Artículos de flotación: seguridad en el agua
Habitualmente utilizados por los más pequeños de la familia, tanto los que van sujetos al cuerpo (manguitos, flotadores de asiento o chalecos) como aquellos externos que nos ayudan a mantenernos a flote (tablas, colchonetas o churros de flotación), deben cumplir unos requisitos técnicos que garanticen que son seguros en el agua. Además, deben acompañar advertencias de uso que es conveniente leer antes de lanzarnos al agua con ellos.
En el siguiente reportaje del Portal del Consumidor detallamos las medidas de seguridad recomendadas para estos productos, incluyendo las instrucciones que deben llevar para usarlos. Como norma general, es conveniente revisar en su etiquetado que incluyen los datos de la empresa responsable del producto, las advertencias de uso, las instrucciones en castellano y el marcado CE cuando corresponda. Las normas UNE o EN son referencias técnicas que permiten comprobar que el producto se ha fabricado conforme a requisitos de seguridad sobre materiales, construcción, resistencia mecánica, envasado y etiquetado.
Para artículos de recreo flotantes, por ejemplo, colchonetas y otros hinchables de ocio que no son juguetes ni equipos de protección individual, se aplica la serie UNE-EN ISO 25649:2025 relativa a artículos de recreo flotantes para utilizar sobre y en el agua. Estos productos no llevan marcado CE salvo que, por sus características y finalidad, sean juguetes o equipos de protección individual.
En el caso de los artículos de flotación que tienen una función de protección personal frente a riesgos en el agua, como chalecos salvavidas, ayudas a la flotación llevadas en el cuerpo o trajes de salvamento, pueden considerarse equipos de protección individual y, por tanto, deben cumplir la normativa europea aplicable a los EPI y llevar marcado CE. De igual manera, si el producto es un juguete acuático y así lo indica en su etiquetado, también debe tener marcado CE.

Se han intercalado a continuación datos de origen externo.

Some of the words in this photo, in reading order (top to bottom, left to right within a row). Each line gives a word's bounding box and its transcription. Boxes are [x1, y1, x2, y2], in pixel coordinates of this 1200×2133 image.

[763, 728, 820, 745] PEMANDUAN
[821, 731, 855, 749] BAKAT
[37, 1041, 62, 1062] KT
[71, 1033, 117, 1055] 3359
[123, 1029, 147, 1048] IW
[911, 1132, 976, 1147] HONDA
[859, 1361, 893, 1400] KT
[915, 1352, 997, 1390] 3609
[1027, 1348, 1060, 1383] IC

Es importante que, si el producto no tiene datos claros del fabricante o importador, instrucciones en castellano, advertencias de uso o, cuando proceda, marcado CE, valore si lo que está comprando es adecuado y seguro para el uso previsto. No todos los artículos de flotación sirven para evitar ahogamientos: algunos son únicamente complementos de baño o de recreo.

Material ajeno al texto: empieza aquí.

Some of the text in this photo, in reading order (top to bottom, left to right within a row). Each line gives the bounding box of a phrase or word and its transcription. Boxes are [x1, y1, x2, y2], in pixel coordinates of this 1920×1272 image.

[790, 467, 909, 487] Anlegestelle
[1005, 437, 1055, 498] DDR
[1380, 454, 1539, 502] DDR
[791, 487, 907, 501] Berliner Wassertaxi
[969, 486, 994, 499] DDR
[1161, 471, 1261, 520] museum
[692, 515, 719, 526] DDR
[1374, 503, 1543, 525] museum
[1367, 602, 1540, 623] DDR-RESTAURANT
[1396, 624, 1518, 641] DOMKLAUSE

Aprendiendo a nadar: flotadores, manguitos, tablas, mochilas…
En esta categoría de productos se engloban aquellos que el usuario lleva puestos cuando está aprendiendo a nadar, y los que se utilizan para mejorar el estilo de natación.
Las ayudas a la flotación para el aprendizaje de la natación se regulan técnicamente por la serie UNE-EN 13138:2022. Esta serie diferencia entre ayudas destinadas a llevarse en el cuerpo, ayudas destinadas a su sujeción y asientos de natación en los que se coloca al niño.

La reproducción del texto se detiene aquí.